## Problem description
Write out the data below in full, unchanged, minus the images.

## Dataset excerpts

Segment Open

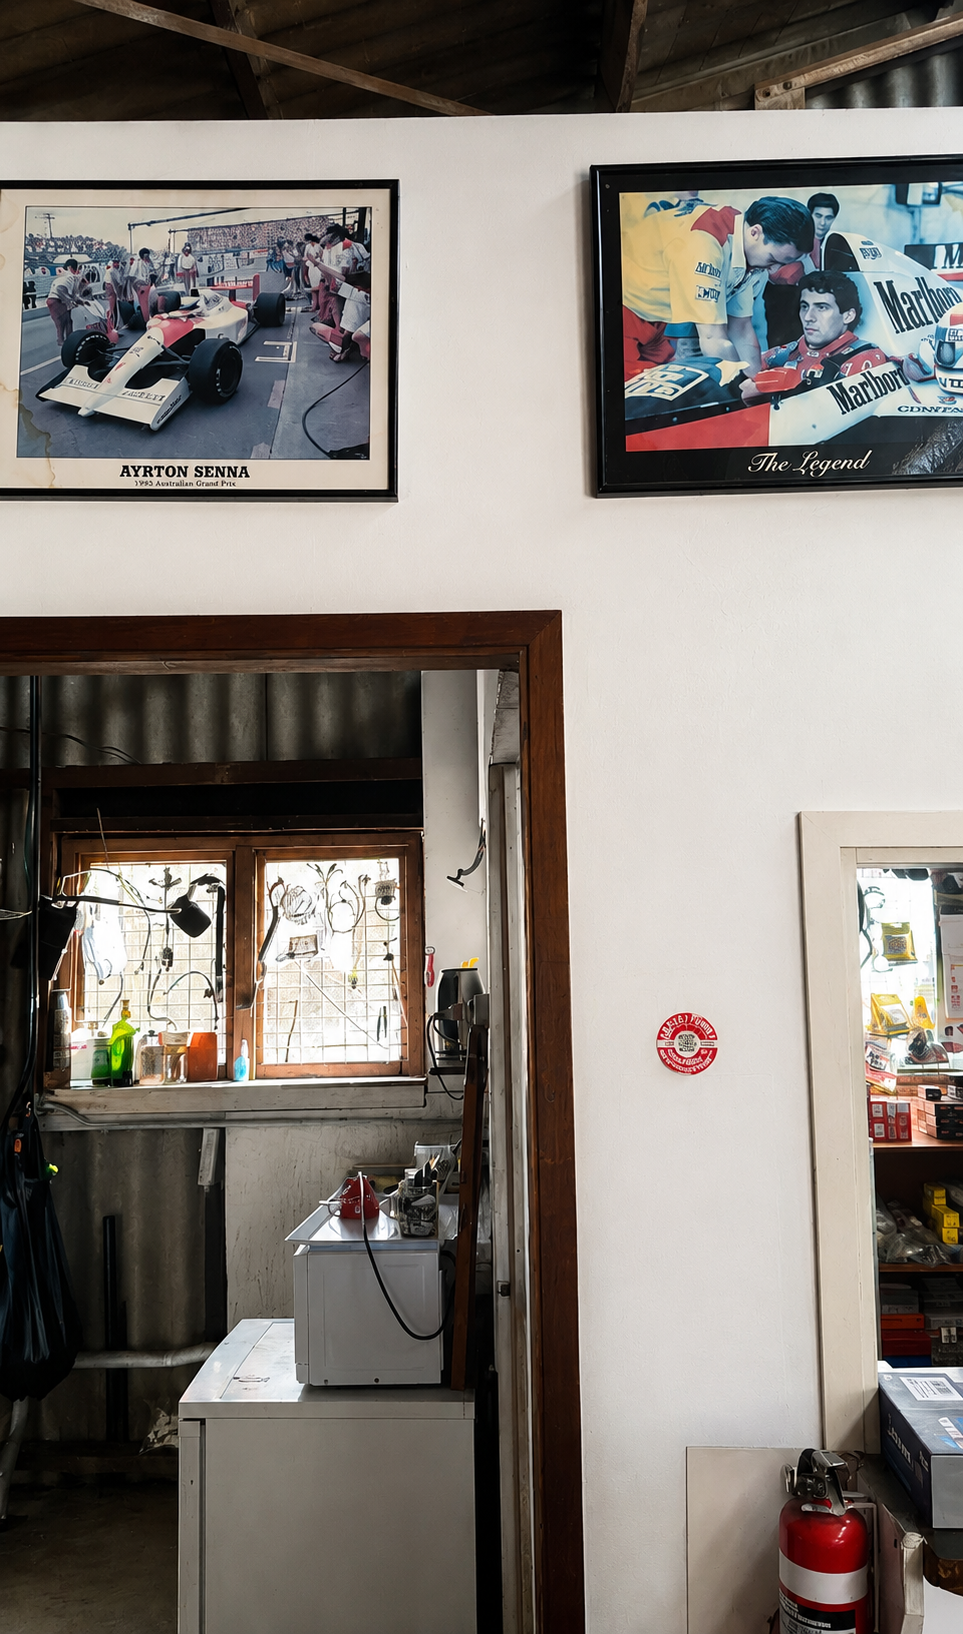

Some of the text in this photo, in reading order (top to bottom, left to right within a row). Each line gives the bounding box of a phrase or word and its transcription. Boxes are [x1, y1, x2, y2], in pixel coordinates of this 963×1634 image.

[747, 449, 873, 478] The Legend
[119, 464, 250, 478] AYRTON SENNA
[155, 479, 194, 487] Australian
[196, 479, 219, 487] Grand

Segment Closed

## Exercise response
Some of the text in this photo, in reading order (top to bottom, left to right within a row). Each line gives the bounding box of a phrase or word and its transcription. Boxes are [x1, y1, x2, y2], in pixel coordinates of this 963×1634 image.

[747, 449, 873, 478] The Legend
[119, 464, 250, 478] AYRTON SENNA
[155, 479, 194, 487] Australian
[196, 479, 219, 487] Grand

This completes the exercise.